**Input data:**
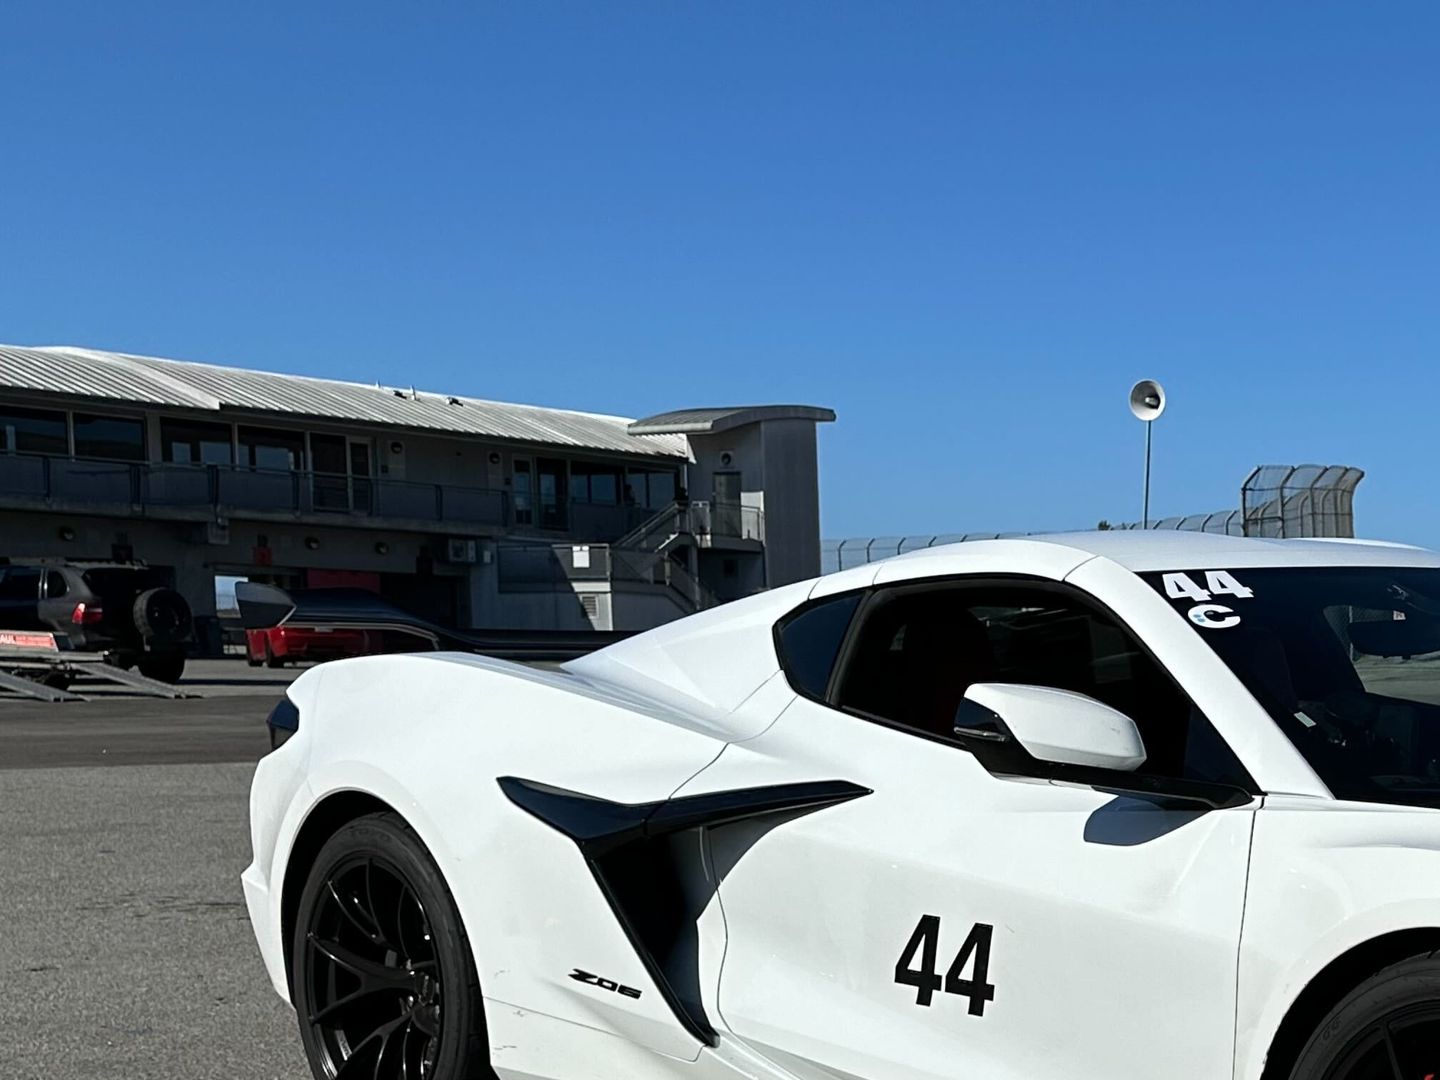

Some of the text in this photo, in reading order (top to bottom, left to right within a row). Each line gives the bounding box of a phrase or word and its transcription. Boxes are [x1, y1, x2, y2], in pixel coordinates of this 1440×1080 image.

[1162, 570, 1254, 602] 44
[1188, 604, 1241, 628] C
[894, 914, 995, 1017] 44
[568, 967, 643, 999] Z06
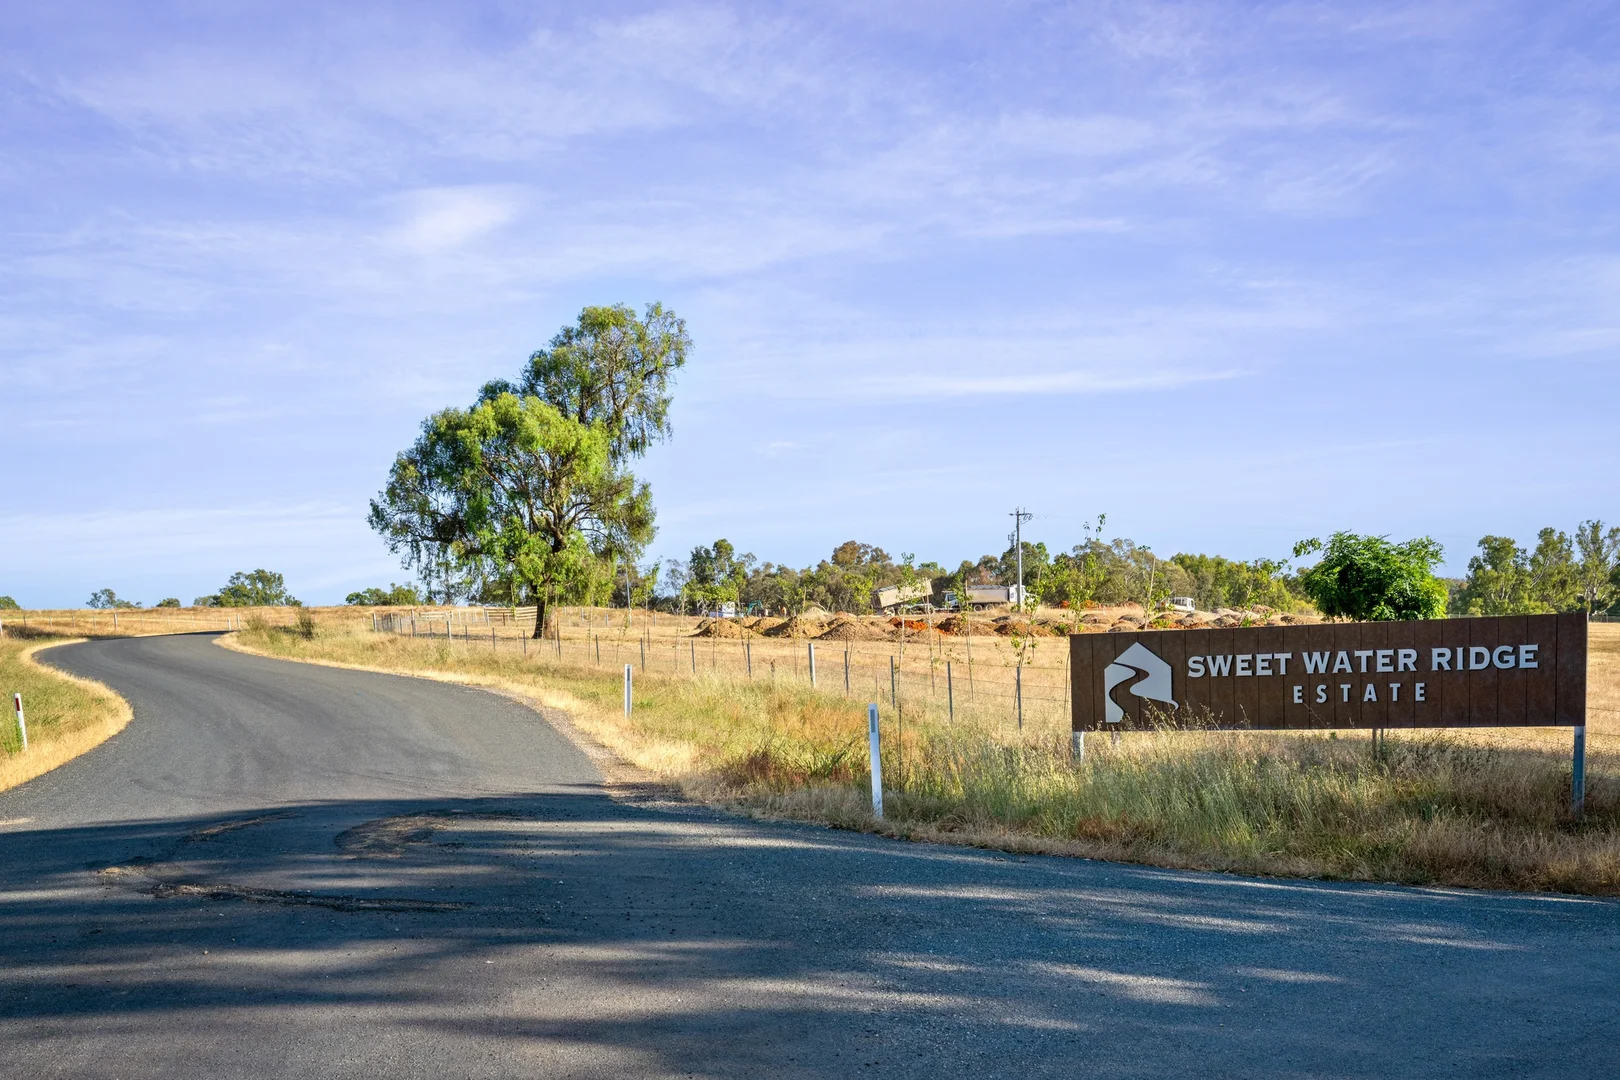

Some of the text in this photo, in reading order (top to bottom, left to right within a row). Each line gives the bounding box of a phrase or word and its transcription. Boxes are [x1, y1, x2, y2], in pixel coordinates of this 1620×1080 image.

[1187, 644, 1539, 678] SWEET WATER RIDGE
[1293, 682, 1426, 704] ESTATE
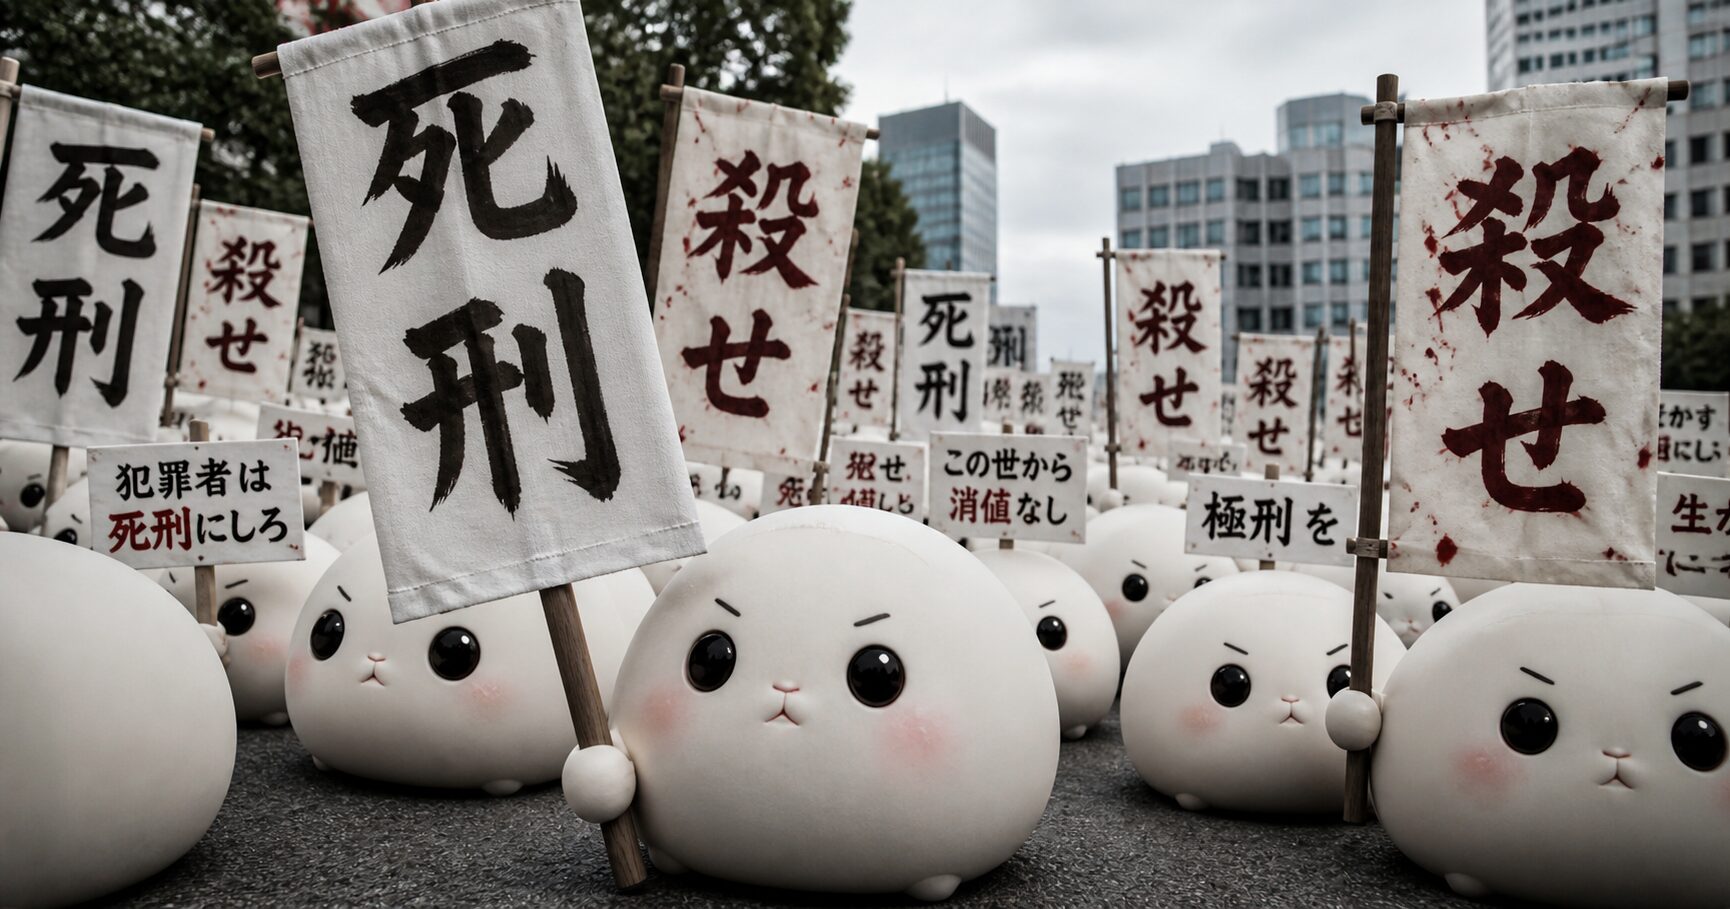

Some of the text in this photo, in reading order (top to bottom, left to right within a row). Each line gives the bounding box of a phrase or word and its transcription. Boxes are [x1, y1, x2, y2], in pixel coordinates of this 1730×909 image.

**What you are asked to do:**
Pictures omitted, give the entries again exactly.

**The answer:**
Some of the text in this photo, in reading order (top to bottom, left to right within a row). Each line gives the bounding box of a phrase or word and its transcription. Boxes are [x1, y1, x2, y2], in pixel coordinates of this 1440×1080 image.

[1162, 570, 1254, 602] 44
[1188, 604, 1241, 628] C
[894, 914, 995, 1017] 44
[568, 967, 643, 999] Z06

Some of the text in this photo, in reading order (top to bottom, left to right within a row). Each line gives the bounding box of a phrase or word and its transcription. Boxes are [x1, y1, x2, y2], in pixel coordinates of this 1620×1080 image.

[1187, 644, 1539, 678] SWEET WATER RIDGE
[1293, 682, 1426, 704] ESTATE

Some of the text in this photo, in reading order (top to bottom, left to right within a row). Each line gives the bounding box of a phrase or word and its transcription. Boxes are [x1, y1, x2, y2], in pixel coordinates of this 1730×909 image.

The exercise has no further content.